Had a strange experience with Japanese curry last night. I came home about 9pm-ish, and was craving some. Broke open some "chicken mushroom balls" I had picked up at the San Gabriel Superstore, and added those to the curry as an experiment- they actually absorbed the curry, and swelled from 1" to about 2.5"!!! I bet they had tofu as a component, which I couldn't decipher on the mostly Chinese-lettered packaging. Strange, but tasted just fine.
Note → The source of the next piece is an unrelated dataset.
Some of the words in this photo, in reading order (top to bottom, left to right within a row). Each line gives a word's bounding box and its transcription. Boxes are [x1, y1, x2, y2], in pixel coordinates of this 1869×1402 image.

Japanese curry is the easiest thing in the world; get a box from the Asian section of your grocery store, and follow directions on the box. I've been experimenting for two years+ with it, and you can pretty much drop anything into this curry. My favorite combos: spinach & mushroom; beef; corn, cilantro & lamb- it may be assumed that making this also serves as a refrigerator cleaning device- just dump all produce in :)
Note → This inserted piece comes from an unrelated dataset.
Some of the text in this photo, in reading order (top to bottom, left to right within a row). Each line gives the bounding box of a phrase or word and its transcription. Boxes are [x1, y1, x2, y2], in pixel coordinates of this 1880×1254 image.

Disclaimer: I do not have an affiliation with any brands mentioned in this posting.

Friday, March 21, 2008

For Beth: Dal Makhani

When you travel in Northern India, particularly in Punjab and Himachal Pradesh, one sure bet in terms of road side food options is Dal Makhani. It is a prime example of slow cooking, and is relatively easy to do- the waiting is the hardest part. Literally meaning Butter Lentils, this is a mix of a number of dark lentils, which should normally include kidney beans as well, the whole garnished with oh maybe 2 sticks of butter (yes, really!).

That said, here is a relatively lighter version, which you can amp up to your taste. Where as I have used a specific kind and number of lentils, you will find equal success with other dark lentils, or even yellow/red ones- the recipe is pretty much fool proof, and easily translates to all lentils/beans alike. The recipe LOOKS long, but I've tried to break down every step so it is easy to follow.


Dry lentils:
1/2 cup black masoor lentils (any Indian grocery)
1/2 cup brown Spanish lentils (not per tradition, but it works)

1 small can of kidney beans
1/2 can of black beans (not per tradition, but they work!)
1 small can of tomatoes, or 3 whole crushed tomatoes

3 heaping tablespoons of ginger-garlic paste (or simply pound 1 small head of garlic and 2 inches of ginger together)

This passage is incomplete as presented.